Abstract

Purpose: Suprascapular nerve (SSN) entrapment by compression in its course through the suprascapular notch has been well documented. This usually requires an open incision which must split the trapezius muscle. We have developed a new arthroscopic endoscopic technique of SSN decompression using 3 portals, including a new direct superior access to the suprascapular notch that have never been described, which avoid muscle detachment and allow for outpatient surgery. The purpose of this article is to describe our technique and preliminary results of this procedure in our first 9 consecutive cases. We operated on 18 consecutive patients with electromyographic documentation of chronic SSN compression at the transverse scapular notch that underwent endoscopic decompression using a new portal for specific access.

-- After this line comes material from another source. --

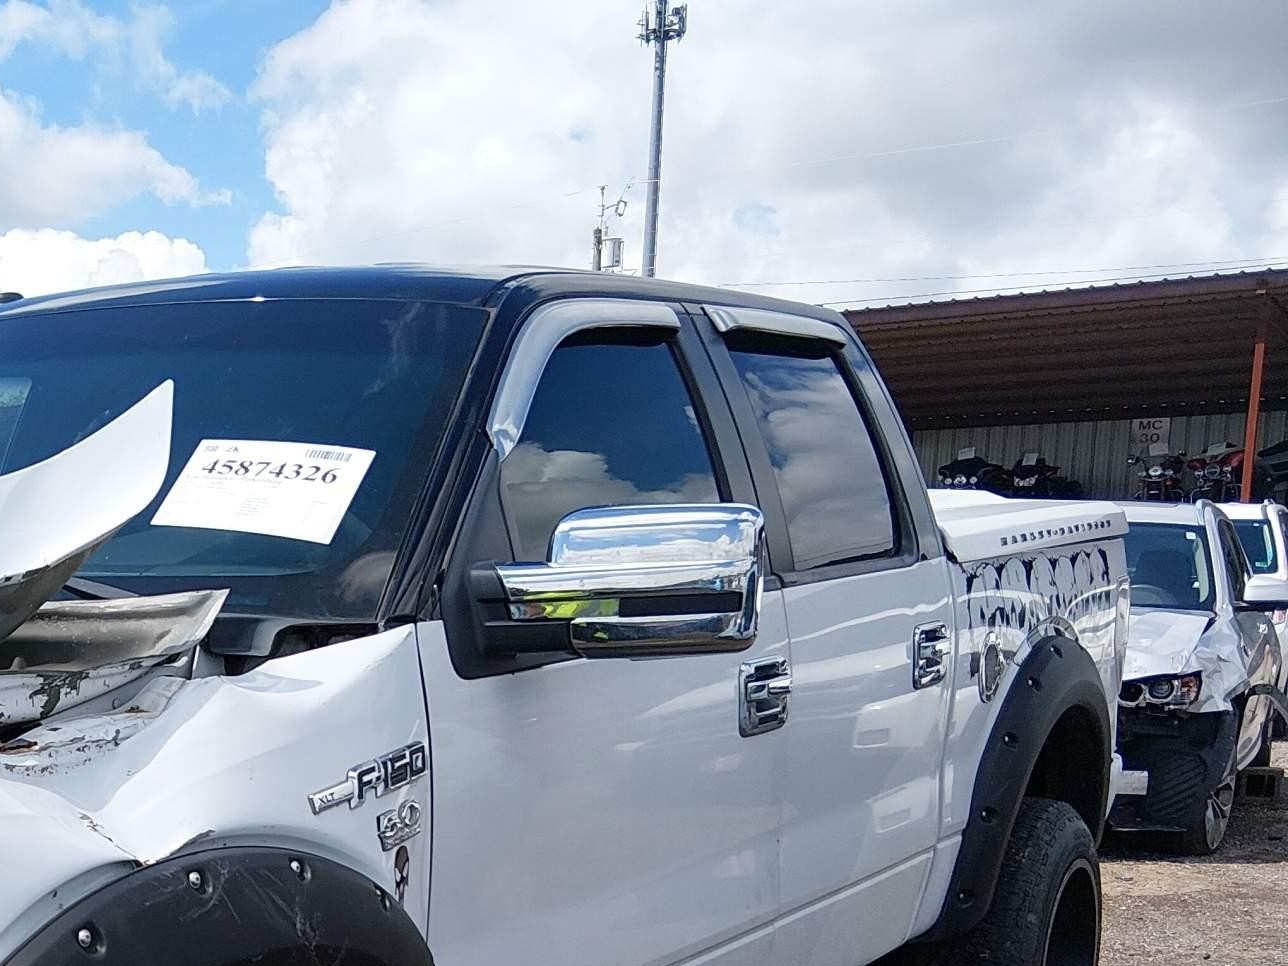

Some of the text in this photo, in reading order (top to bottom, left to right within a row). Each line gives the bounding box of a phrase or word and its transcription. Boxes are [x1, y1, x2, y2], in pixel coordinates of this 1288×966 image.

Ten had an isolated suprascapularis nerve entrapment, and 8 had an associated cuff tear. In all cases, the landmarks of the coracoclavicular ligaments were identified, and the transverse scapular ligament, artery, and nerve were clearly visualized before sectioning of the transverse scapular ligament. Results: All patients who underwent surgery for isolated nerve compression were discharged from the hospital on the day of surgery, and there were no complications from the procedure. All except one patient described their shoulders as completely relieved of pain and graded their result as excellent. One patient had relief of most of his pain and graded his outcome as good. Postoperative electromyogram that documented the recovery of SSN compression. Conclusion: Preliminary results of endoscopic release of refractory and painful SSN compression show an effective benefit to open release.